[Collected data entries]

┄┄┄┄┄┄

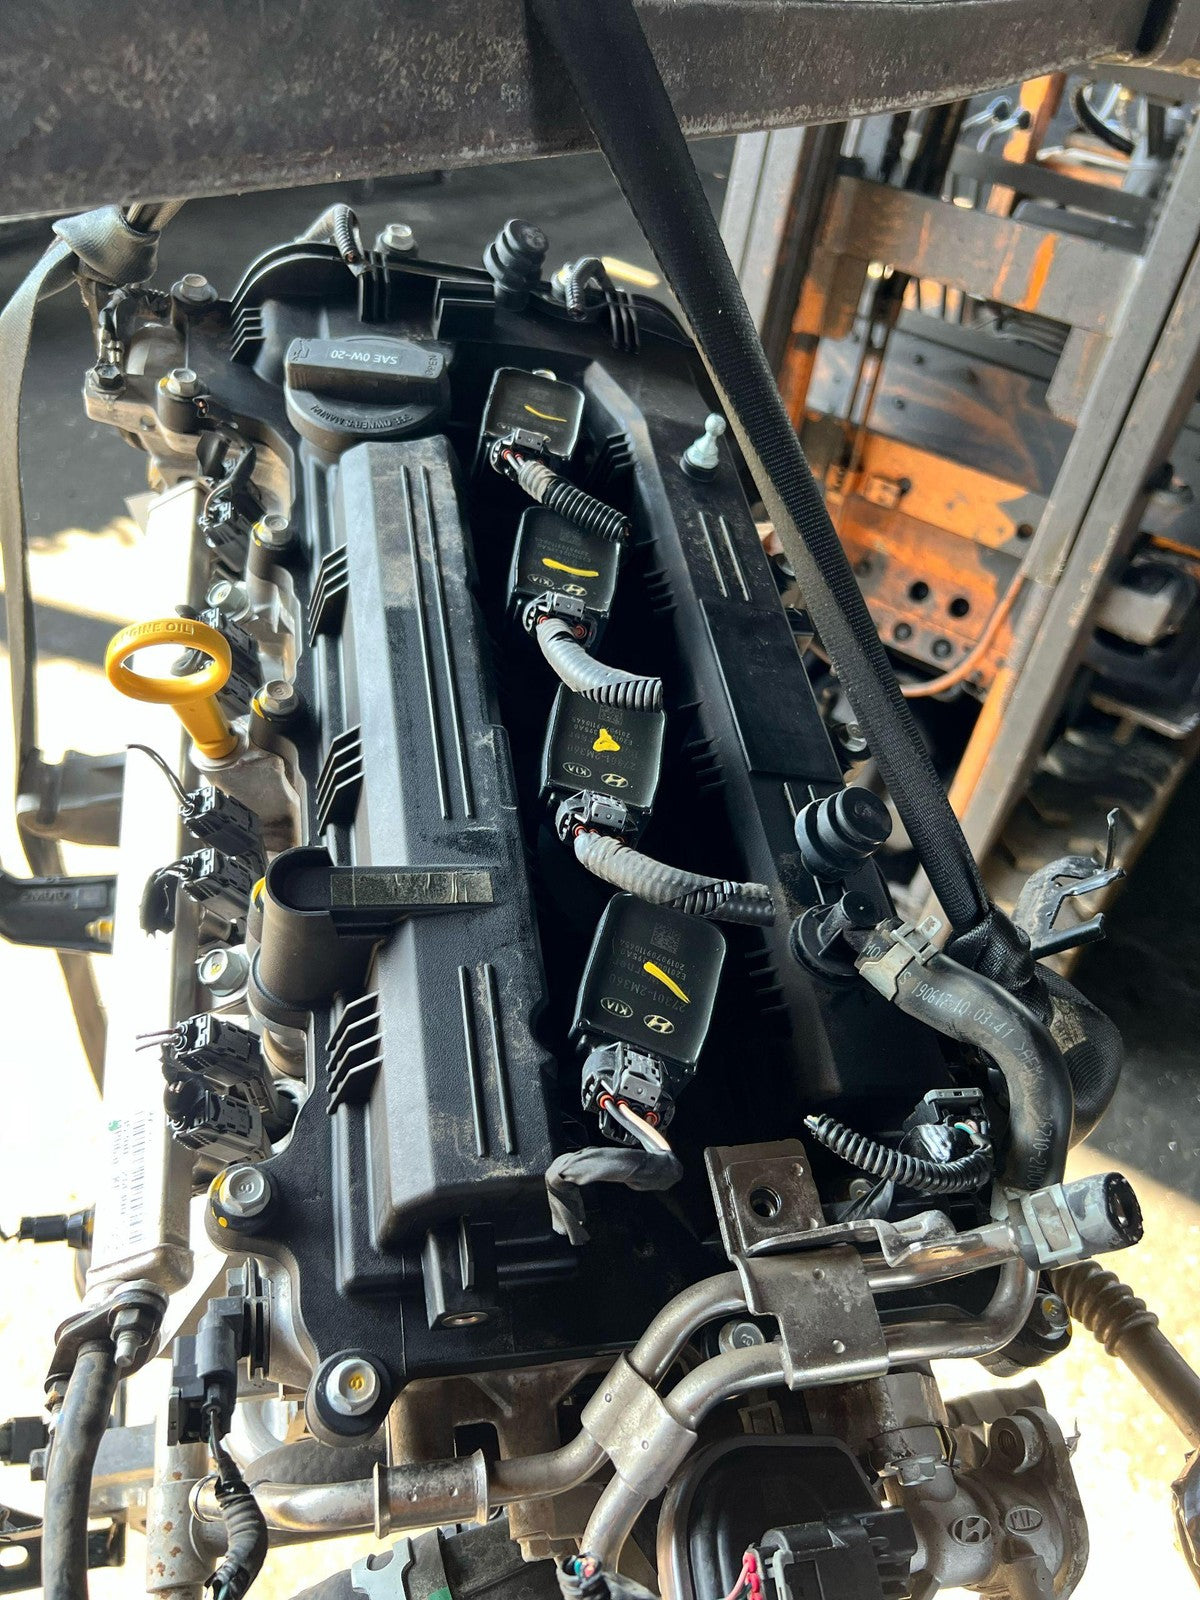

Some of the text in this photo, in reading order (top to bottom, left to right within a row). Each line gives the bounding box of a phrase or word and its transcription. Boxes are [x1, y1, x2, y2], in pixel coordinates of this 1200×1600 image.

[330, 349, 398, 365] SAE 0W-20
[531, 575, 549, 585] KIA
[166, 622, 193, 634] OIL
[567, 764, 587, 775] KIA
[911, 979, 952, 1007] 190617
[607, 1001, 628, 1015] KIA

┄┄┄┄┄┄

# ACTIVITY
Send back the entries above exactly. Skip the images.

# RESPONSE FOR THIS EXERCISE
Some of the text in this photo, in reading order (top to bottom, left to right within a row). Each line gives the bounding box of a phrase or word and its transcription. Boxes are [x1, y1, x2, y2], in pixel coordinates of this 1200×1600 image.

[330, 349, 398, 365] SAE 0W-20
[531, 575, 549, 585] KIA
[166, 622, 193, 634] OIL
[567, 764, 587, 775] KIA
[911, 979, 952, 1007] 190617
[607, 1001, 628, 1015] KIA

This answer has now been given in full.